The band signed with the major label Epic Records, the same label that Molly Hatchet was on, which released their only self-titled album in 1981. The album was recorded at Compass Point Studios, Nassau, Bahamas and produced by Glyn Johns. The album featured the almost cliché cut that started out a slower more serious chord progression that evolves into the three guitar lead jam, exactly as Lynyrd Skynyrd's famous song, "Free Bird" had done. The Danny Joe Brown Band's contribution to this format was the song "Edge of Sundown". In addition to "Edge of Sundown", Wheeler's song "Nobody Walks on Me" was also submitted to MTV and enjoyed rotation.
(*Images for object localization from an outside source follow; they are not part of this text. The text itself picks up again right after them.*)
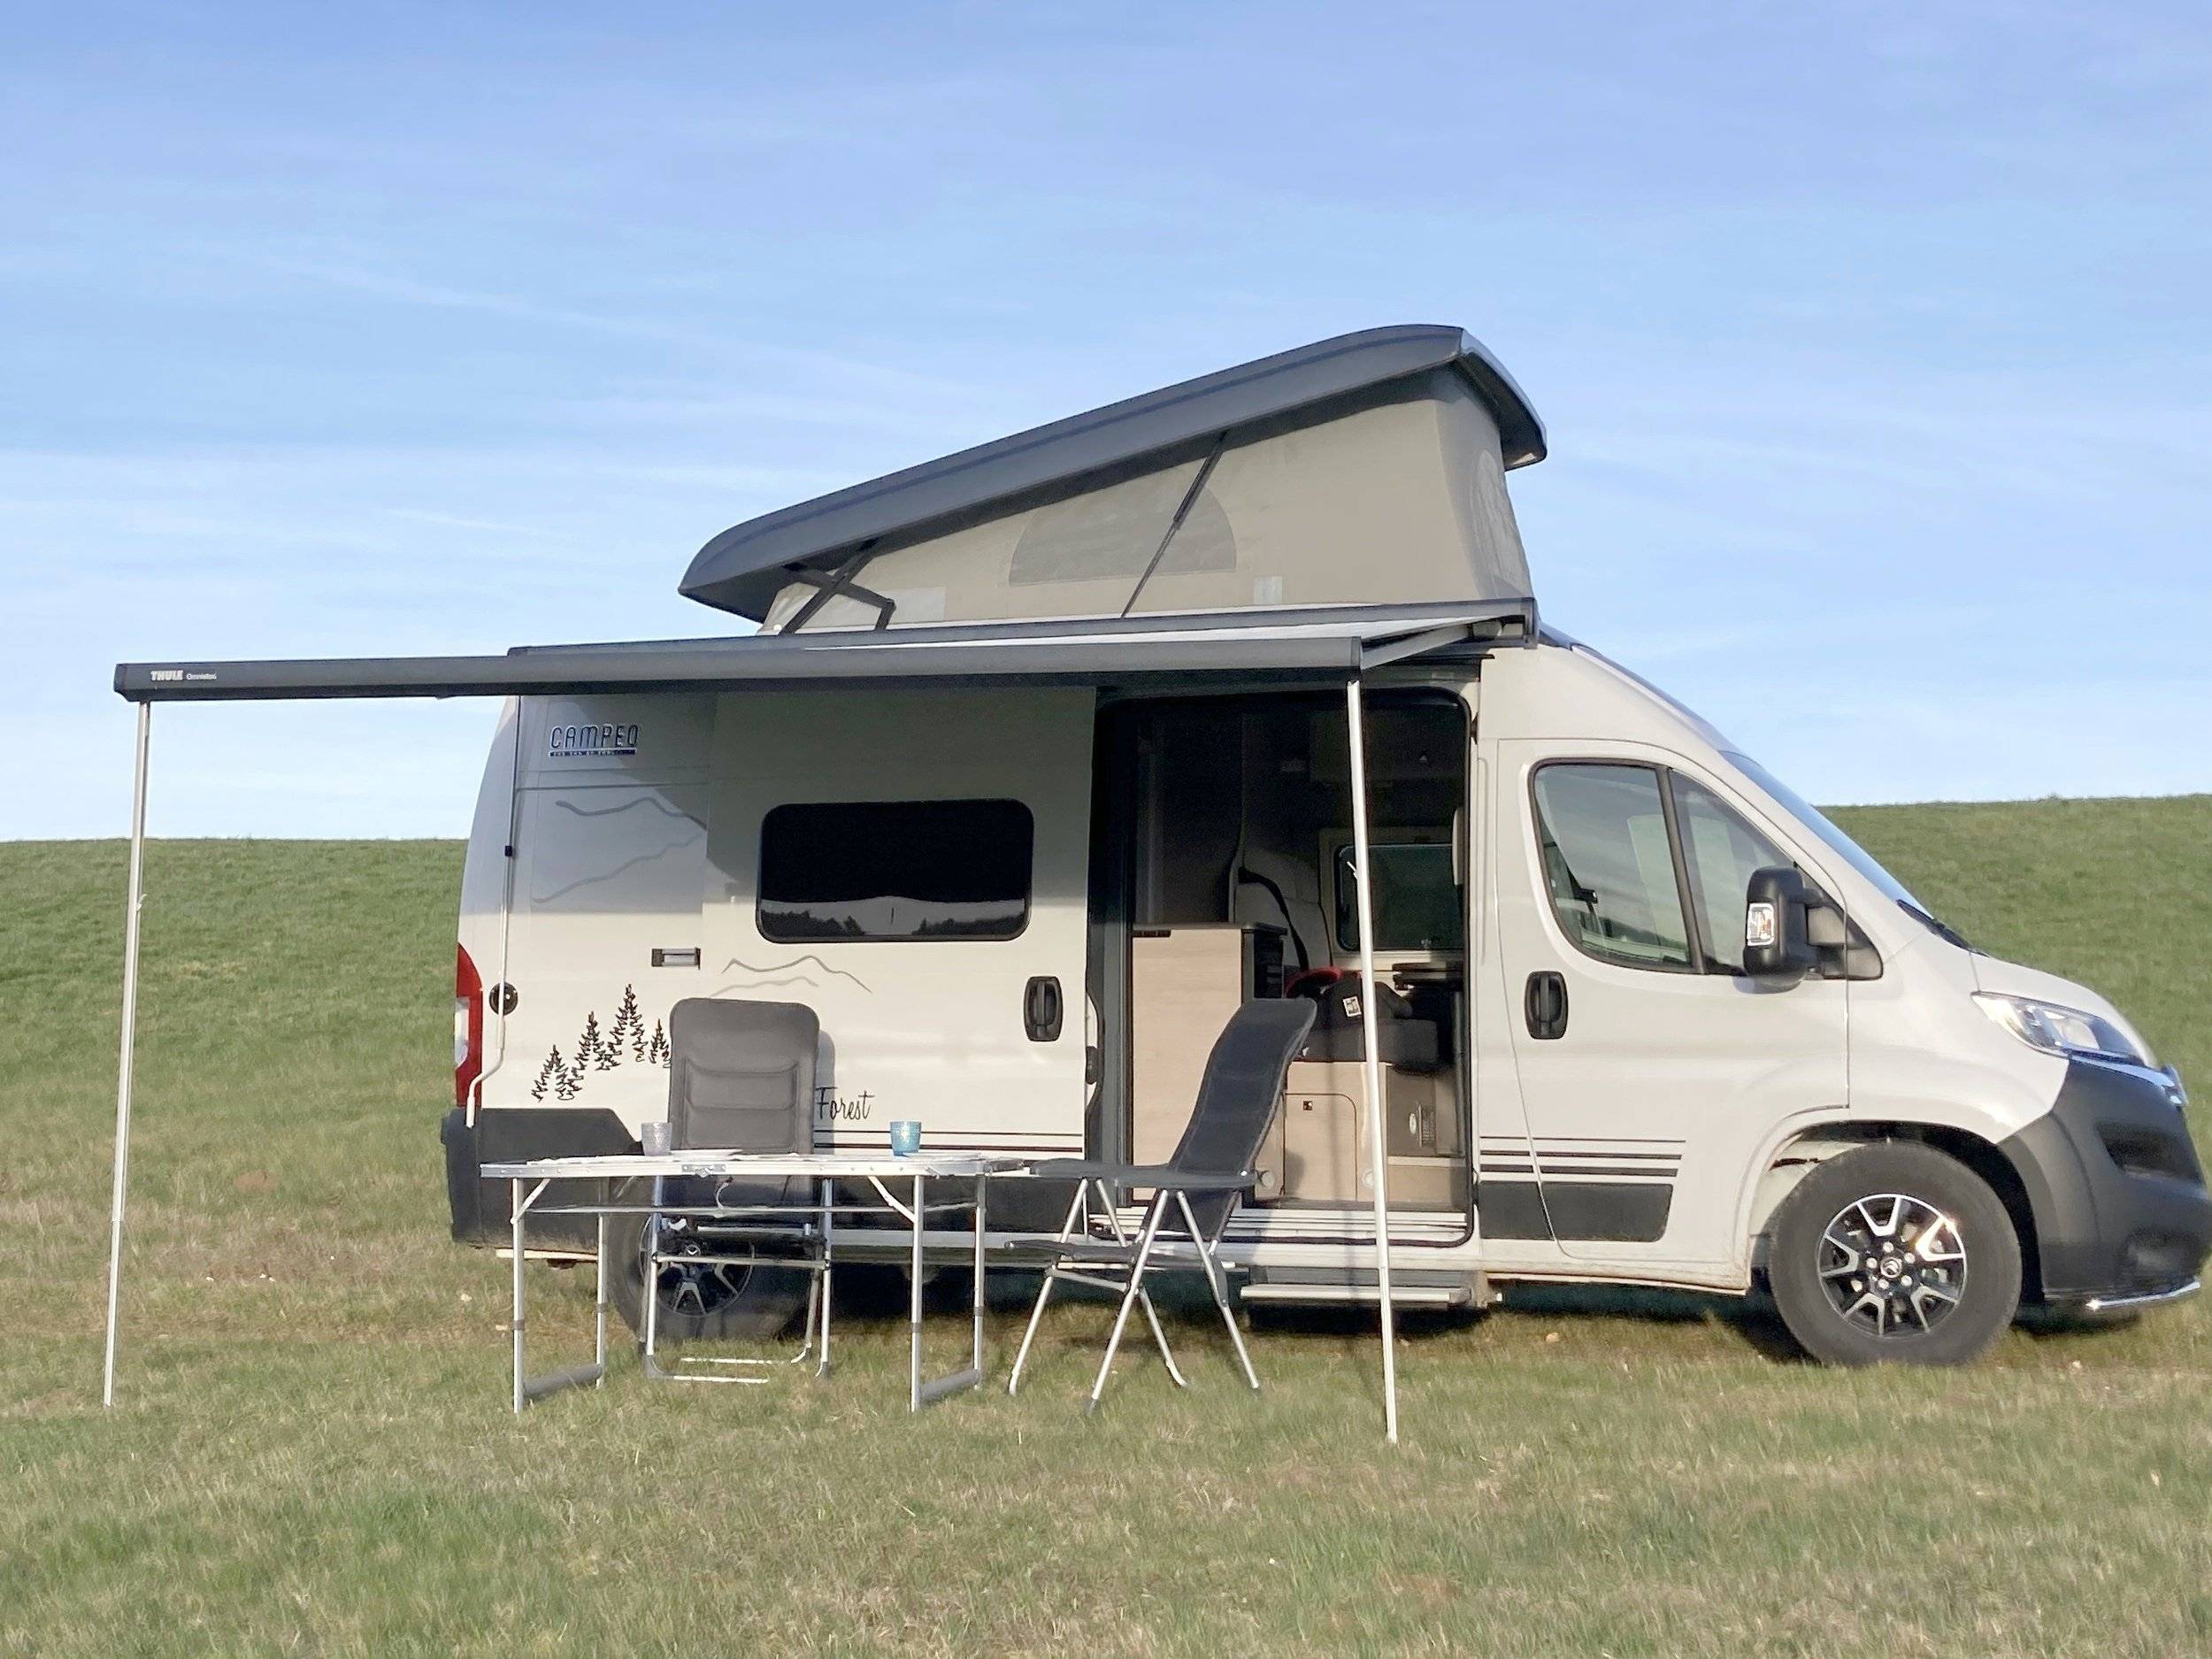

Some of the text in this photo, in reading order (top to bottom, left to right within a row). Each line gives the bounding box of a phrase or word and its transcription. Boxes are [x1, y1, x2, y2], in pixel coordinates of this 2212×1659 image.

[150, 670, 184, 681] THULE
[550, 725, 638, 749] CAMPEO
[814, 1086, 875, 1120] Forest
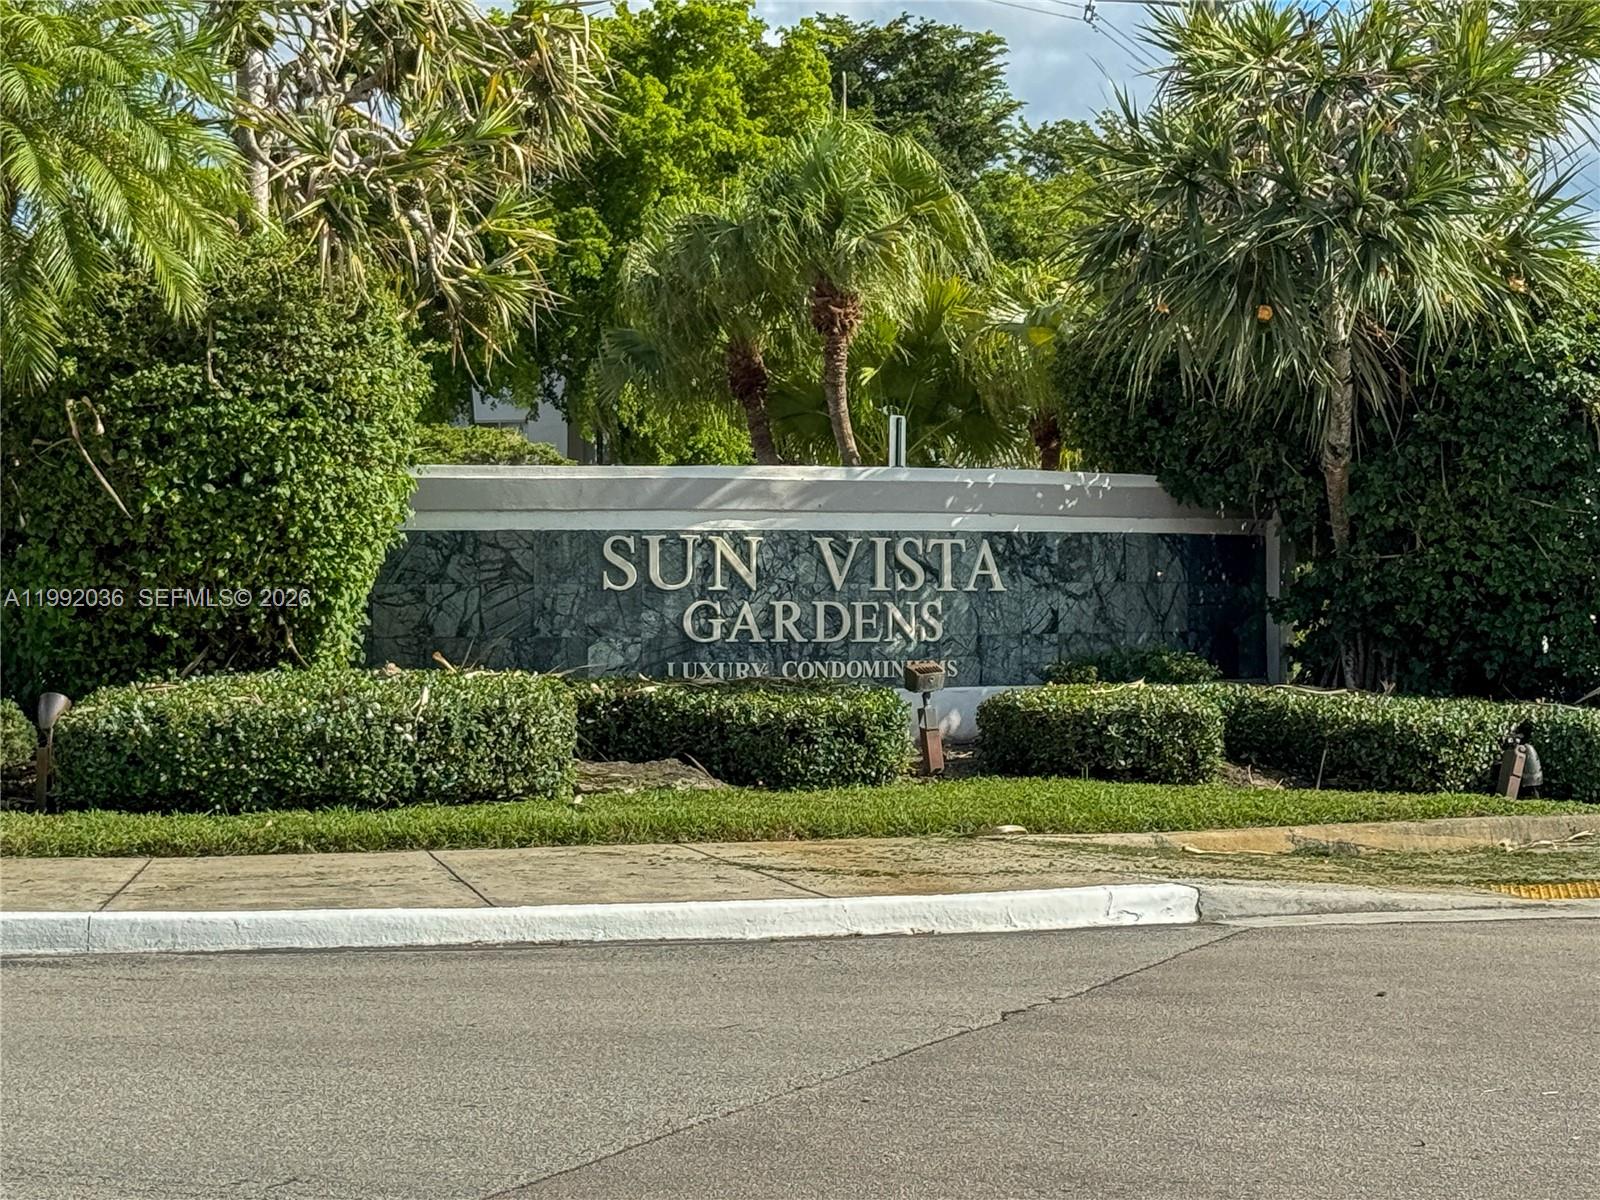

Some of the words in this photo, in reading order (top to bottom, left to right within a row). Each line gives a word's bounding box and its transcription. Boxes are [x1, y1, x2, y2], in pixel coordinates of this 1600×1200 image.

[602, 534, 762, 592] SUN
[812, 536, 1008, 592] VISTA
[682, 599, 943, 644] GARDENS
[781, 659, 959, 680] CONDOMINS
The Danny Joe Brown Band toured nationally to promote their album to noticeably smaller crowds than Danny Joe had experienced with Molly Hatchet, although they were billed as the opening act for Blackfoot on that band's Marauder tour in 1981. Danny Joe Brown had to find a replacement band after the entire group quit just prior to the Eastern Seaboard leg of the band's US solo album tour from February through May 1982. The new members were a three-guitar line-up featuring Jimmy Polston, Billy Poovey and Al Tuten, bassist Ronnie Able, and drummer Shane Bressette, all previously known as Revelation from Beaufort, South Carolina. At the completion of the album tour, Brown returned to Molly Hatchet, after giving this latest touring outfit his blessings to continue on under the name of Bounty Hunter — which continues on to this day. Shane Bressette died in the early 1980s, but the other members continue to tour as Bounty Hunter.

The Danny Joe Brown Band achieved limited success on their own, but multiple members of the original band went on to join Molly Hatchet. At a point in the 1990s, that decade's version of Molly Hatchet was being captained by a veteran of the Danny Joe Brown Band, Bobby Ingram, while the three original members of Molly Hatchet that had made the band famous, were forced to perform under the name Gator Country due to legal contracts.